Keep in mind: California’s “open” primary means a Democratic candidate can also pull in Republican and nonpartisan voters. Schiff’s Trump-related notoriety therefore will serve as yet another litmus test for Trump’s toxicity in next year’s election.
For argument’s sake, let’s take that February poll and put Schiff and Porter ahead of Lee., and let’s add more stipulation: now, a Republican candidate fails to finish in the top two, which was the case in California’s 2016 and 2018 Senate primaries. What the Golden State could offer the nation (and this assumes President Biden announces for a second term and the Democratic presidential primaries are a formality): a preview of how the next field of Democrats will line up four years from now—and how it might have played out if the pandemic hadn’t made a mess of the 2020 presidential primaries.
Here’s why: while Schiff can point to a progressive record and a voting record more to the left than Porter’s, he finds himself under attack by various interest groups for not being . . . suitably progressive. In other words, the progressive litmus test is stern, if not unforgiving (perhaps one reason why Schiff, at one time a more centrist “Blue Dog” Democrat, recently withdrew his bid to join the Congressional Progressive Caucus).
Second, California could offer an early preview of a challenge Democrats might face in elections further ahead by the 2028 presidential cycle—a need to come up with a descriptor other than “progressive” (which came to adjectival prominence after “liberal” became a troublesome label for some Democrats).
Case in point of this branding discussion: Porter’s recent interview with the influential podcaster Kara Swisher. Asked if she were running as a Sanders or Warren “mini-me,” Porter bristled at the question: “It’s not about a label. it’s about being able to talk to people about who you fight for. . . . I think the label’s actually part of the problem.”
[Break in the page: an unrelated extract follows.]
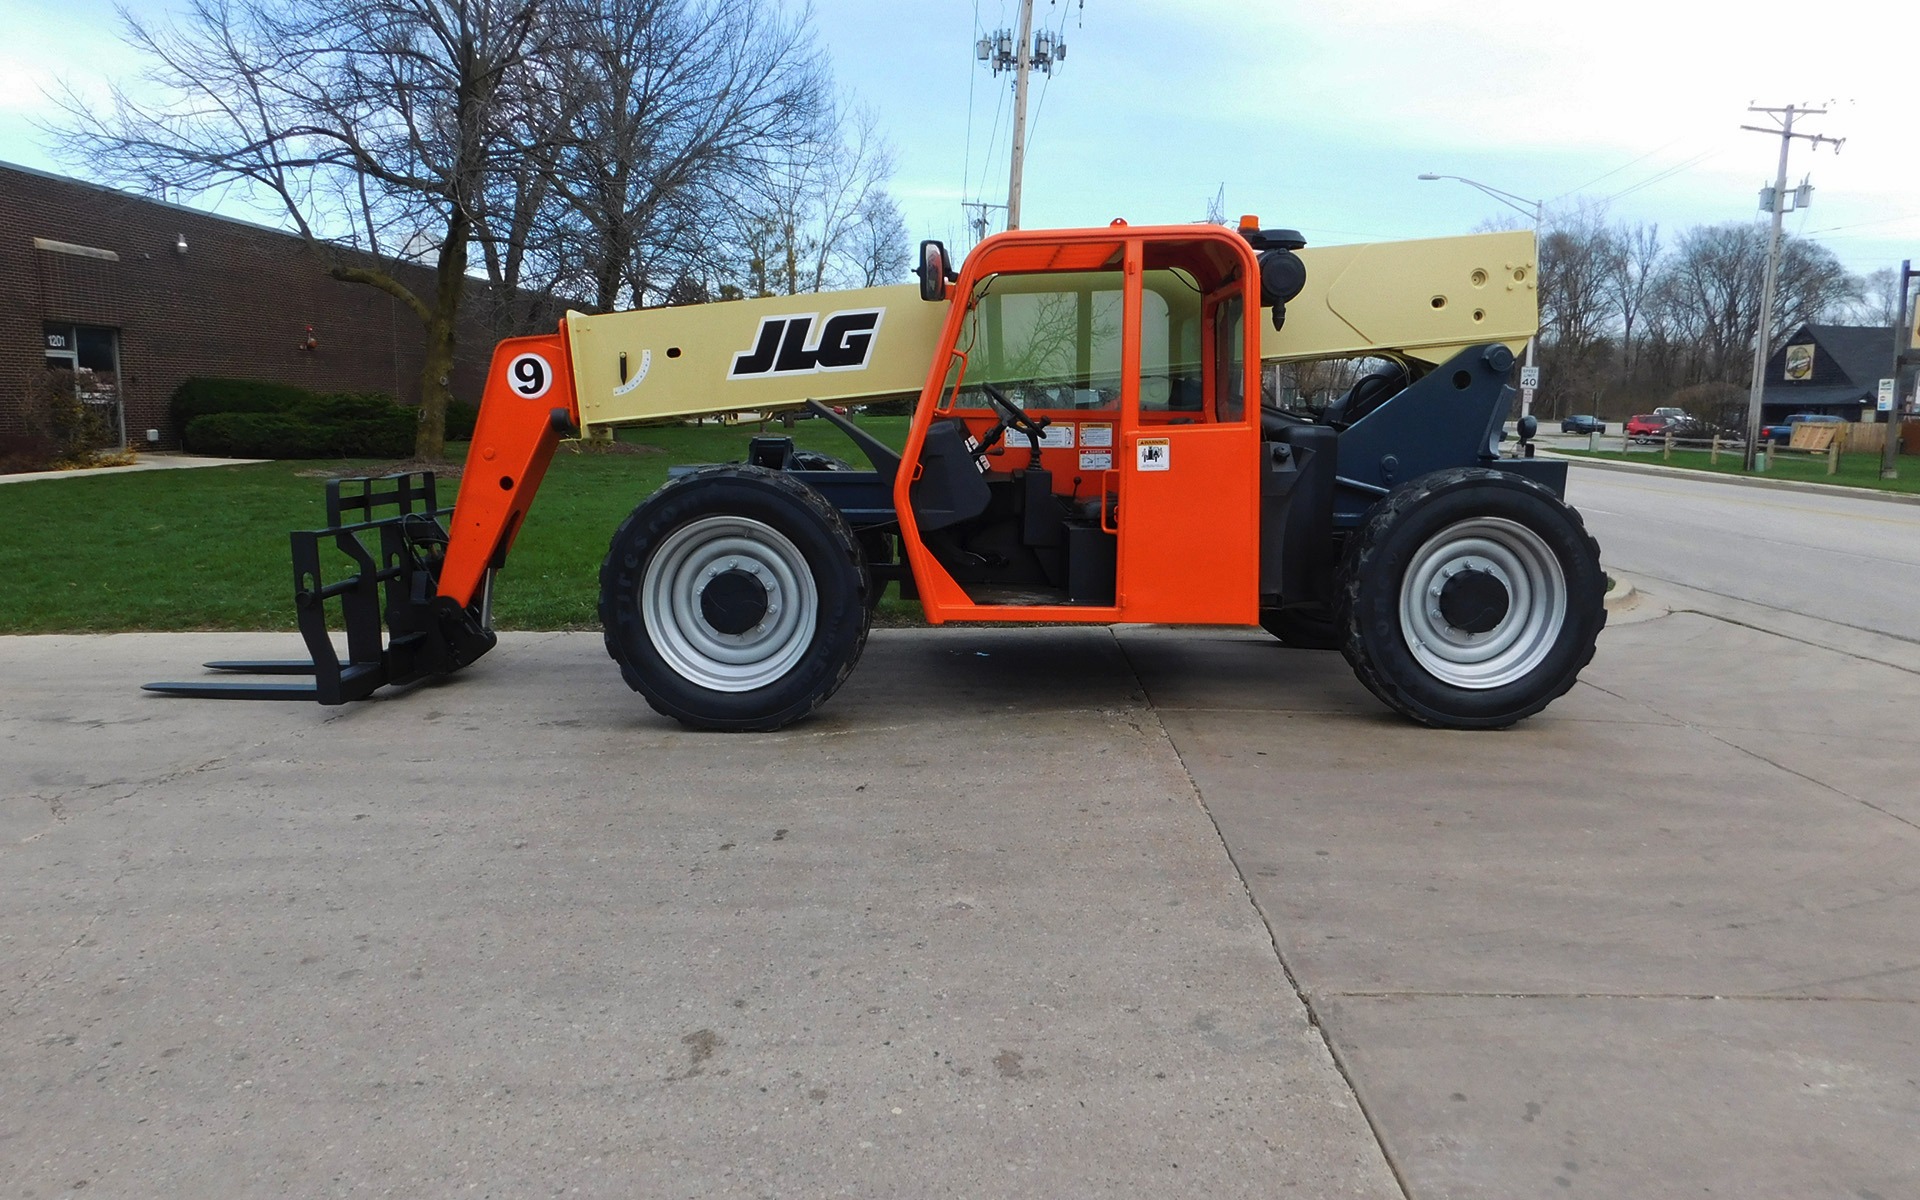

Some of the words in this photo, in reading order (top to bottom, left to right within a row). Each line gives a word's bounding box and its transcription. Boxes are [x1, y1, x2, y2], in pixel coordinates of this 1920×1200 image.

[48, 335, 65, 346] 1201
[730, 311, 882, 377] JLG
[514, 357, 545, 394] 9
[1522, 378, 1536, 386] 40
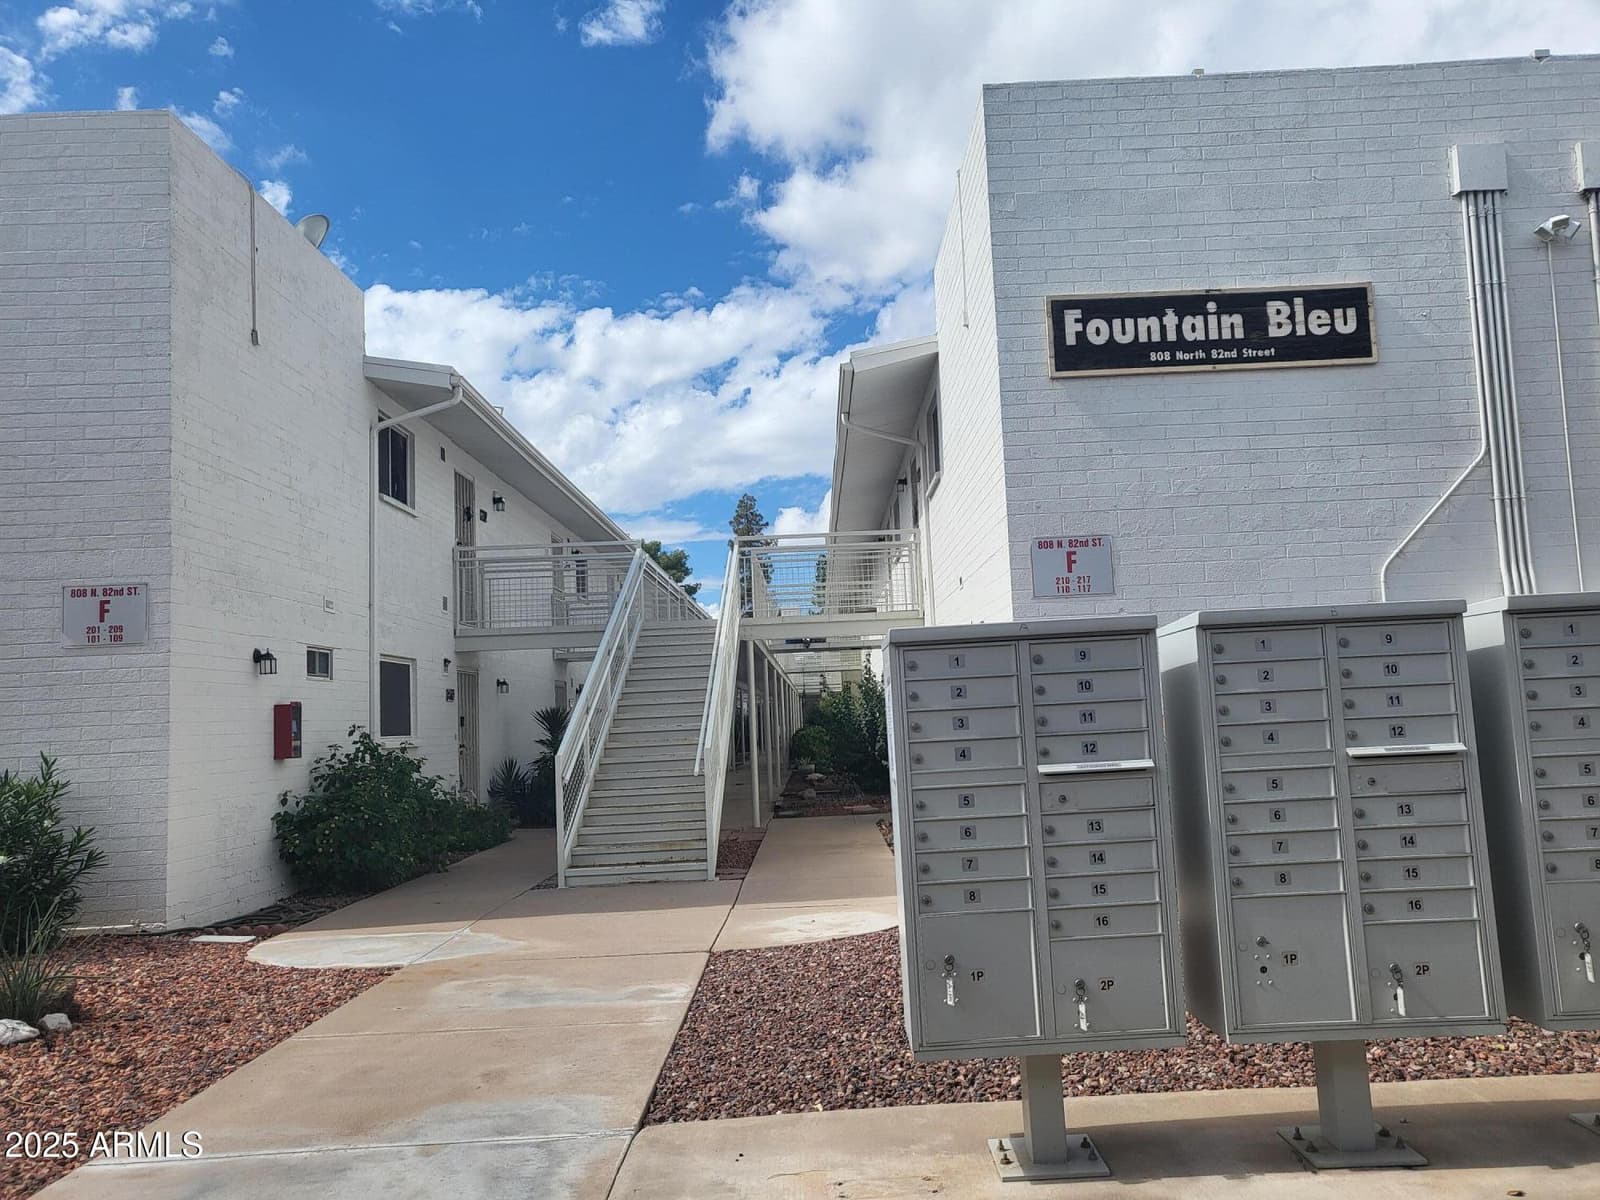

The question of toxic labels might impact one other facet of California’s 2024 election: House races.
As in 2022, the Golden State could be a key determiner of which party controls the lower chamber of Congress. Democrats need to flip only five Republican-held districts (the House currently is at a 222–213 split) to reach 218 seats; California just happens to be the home to five seats that the GOP has picked up in the last two election cycles.
So it wasn’t a surprise when the Democratic Congressional Campaign Committee announced earlier this month that it intends to “play aggressively” in no fewer than eight California House districts next year. Those targets, in numerical order: CA-03, CA-13, CA-22, CA-27, CA-40, CA-41, CA-45.
And the eighth district? That would be CA-47 and an open seat thanks to Porter’s decision to jump into the Senate race (Porter having carried the district by a margin of only 8,250 votes last November).
Which should make for a colorful race in Southern California’s Orange County, a “purple” district that could swing either way, with the Democratic nominee maybe lightening up on the deep-blue rhetoric.